Directions >> When you repeat the entries below, keep each word exactly as it is and drop the pictures.

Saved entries
....
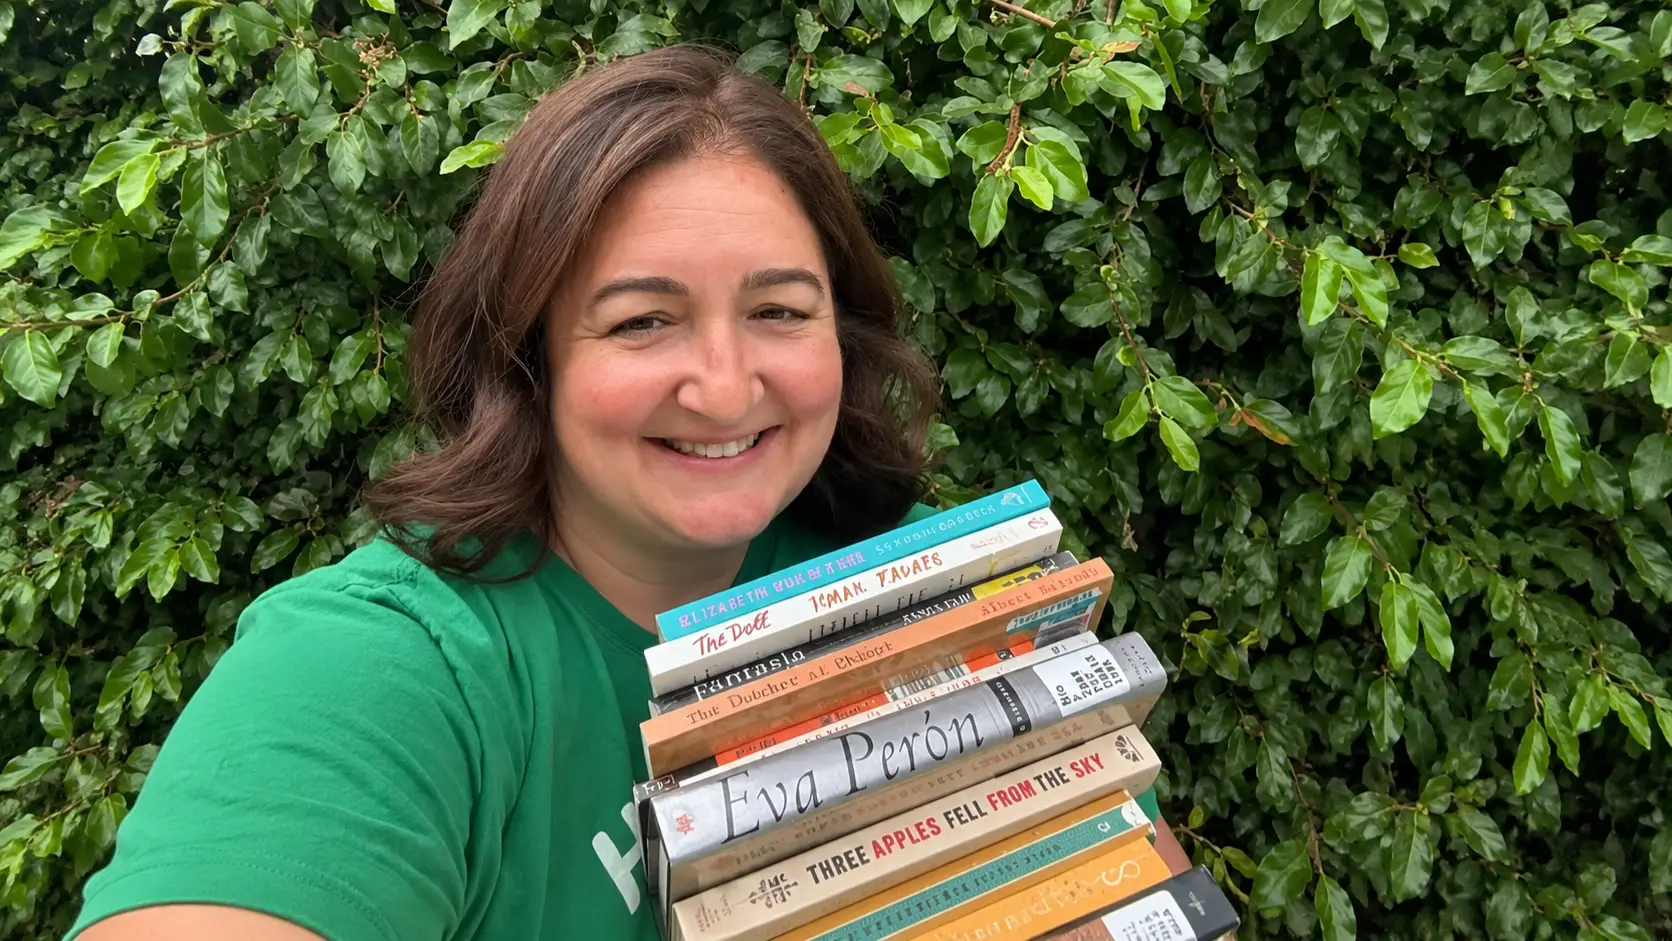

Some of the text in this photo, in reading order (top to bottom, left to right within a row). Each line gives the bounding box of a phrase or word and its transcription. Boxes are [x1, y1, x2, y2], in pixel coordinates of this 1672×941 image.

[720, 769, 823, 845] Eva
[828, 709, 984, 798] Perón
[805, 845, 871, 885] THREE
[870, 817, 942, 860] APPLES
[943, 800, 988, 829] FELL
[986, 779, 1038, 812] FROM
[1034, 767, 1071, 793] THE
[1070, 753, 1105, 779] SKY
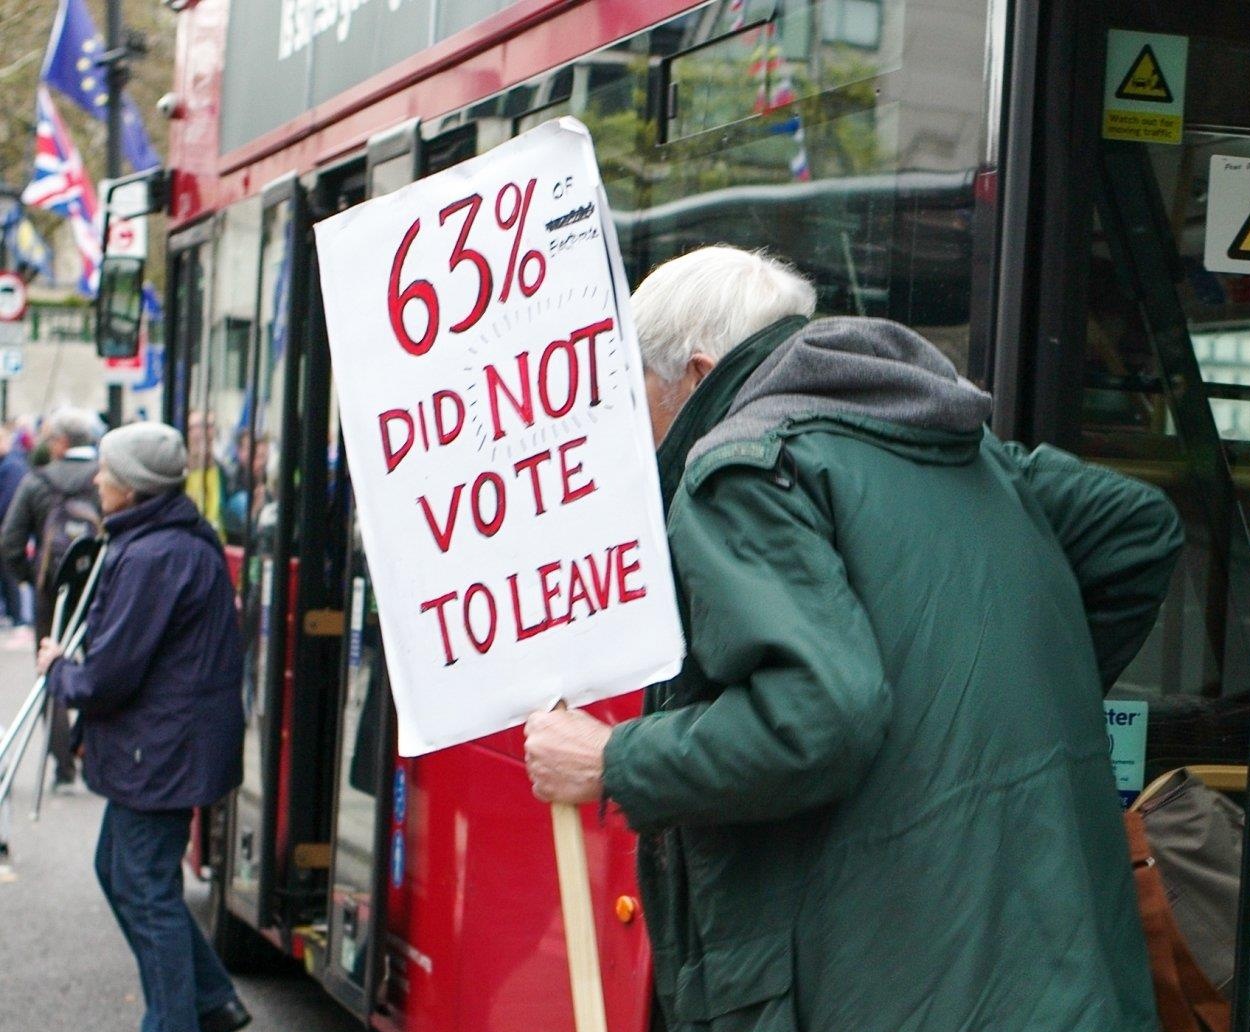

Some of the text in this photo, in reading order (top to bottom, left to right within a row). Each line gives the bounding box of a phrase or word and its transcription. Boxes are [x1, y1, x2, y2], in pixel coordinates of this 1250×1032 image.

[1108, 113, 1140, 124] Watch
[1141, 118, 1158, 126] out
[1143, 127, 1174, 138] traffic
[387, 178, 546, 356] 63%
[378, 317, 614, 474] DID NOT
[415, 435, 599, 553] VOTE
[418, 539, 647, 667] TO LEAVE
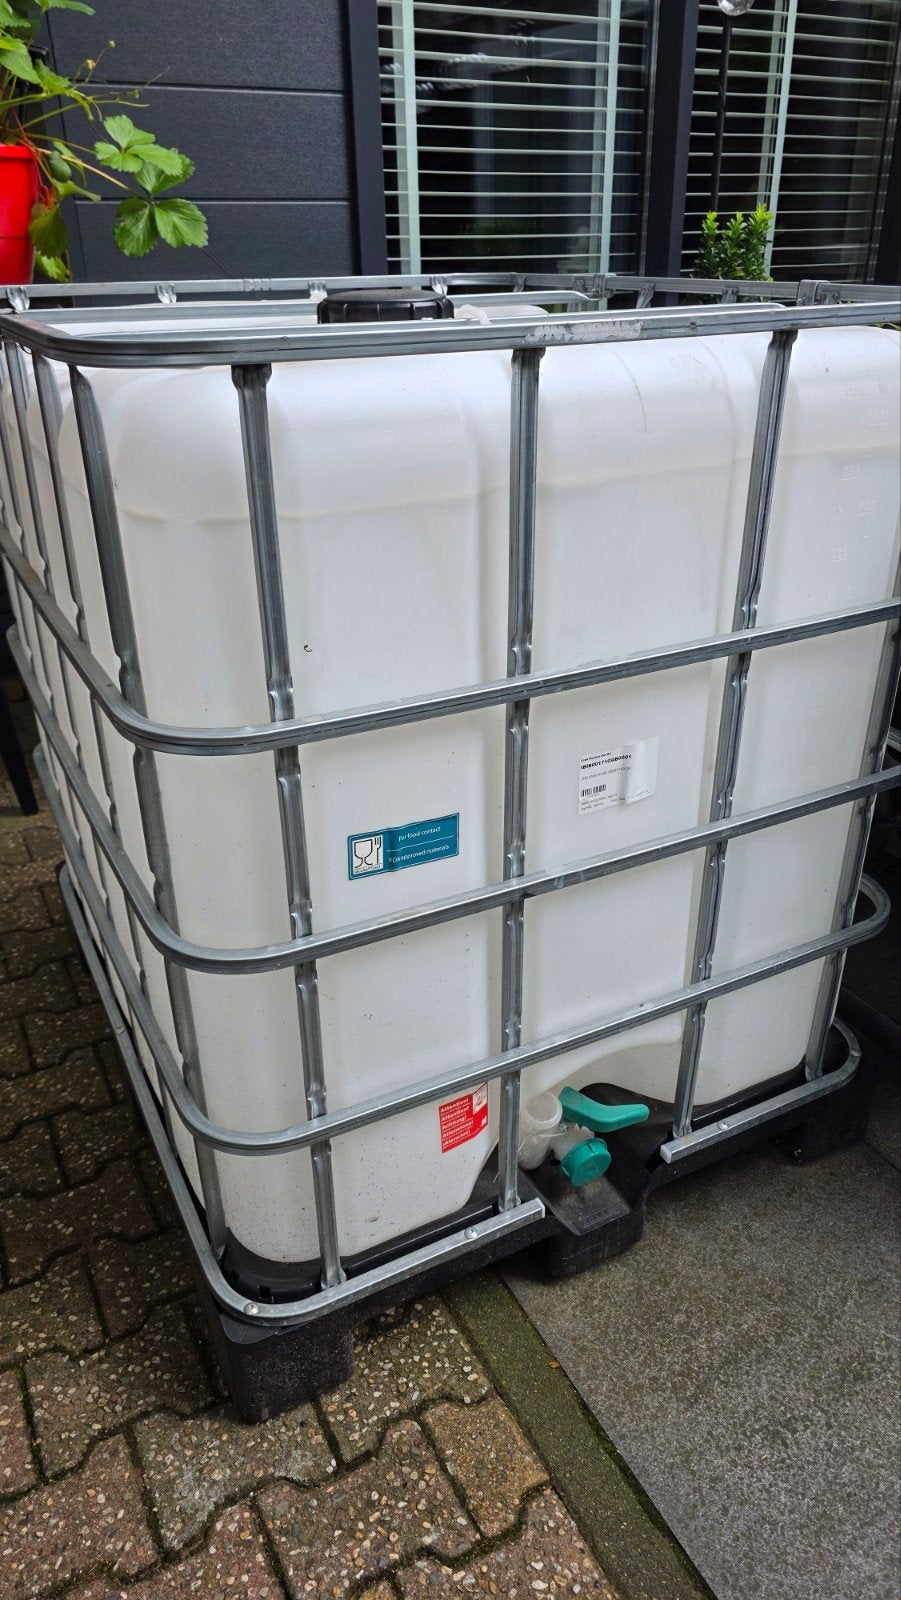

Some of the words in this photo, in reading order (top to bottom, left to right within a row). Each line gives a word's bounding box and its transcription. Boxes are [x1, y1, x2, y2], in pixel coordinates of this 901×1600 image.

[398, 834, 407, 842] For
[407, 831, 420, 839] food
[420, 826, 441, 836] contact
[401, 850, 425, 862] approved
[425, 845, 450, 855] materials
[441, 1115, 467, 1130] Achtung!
....
Exercise response >>
Some of the text in this photo, in reading order (top to bottom, left to right within a row). Each line gives the bounding box of a phrase or word and its transcription. Boxes are [x1, y1, x2, y2], in pixel coordinates of this 1672×941 image.

[720, 769, 823, 845] Eva
[828, 709, 984, 798] Perón
[805, 845, 871, 885] THREE
[870, 817, 942, 860] APPLES
[943, 800, 988, 829] FELL
[986, 779, 1038, 812] FROM
[1034, 767, 1071, 793] THE
[1070, 753, 1105, 779] SKY

Some of the text in this photo, in reading order (top to bottom, left to right within a row). Each line gives the bounding box of a phrase or word and its transcription. Boxes are [x1, y1, x2, y2], in pixel coordinates of this 1250×1032 image.

[1108, 113, 1140, 124] Watch
[1141, 118, 1158, 126] out
[1143, 127, 1174, 138] traffic
[387, 178, 546, 356] 63%
[378, 317, 614, 474] DID NOT
[415, 435, 599, 553] VOTE
[418, 539, 647, 667] TO LEAVE

Some of the words in this photo, in reading order (top to bottom, left to right within a row). Each line gives a word's bounding box and its transcription. Boxes are [x1, y1, x2, y2], in pixel coordinates of this 901×1600 image.

[398, 834, 407, 842] For
[407, 831, 420, 839] food
[420, 826, 441, 836] contact
[401, 850, 425, 862] approved
[425, 845, 450, 855] materials
[441, 1115, 467, 1130] Achtung!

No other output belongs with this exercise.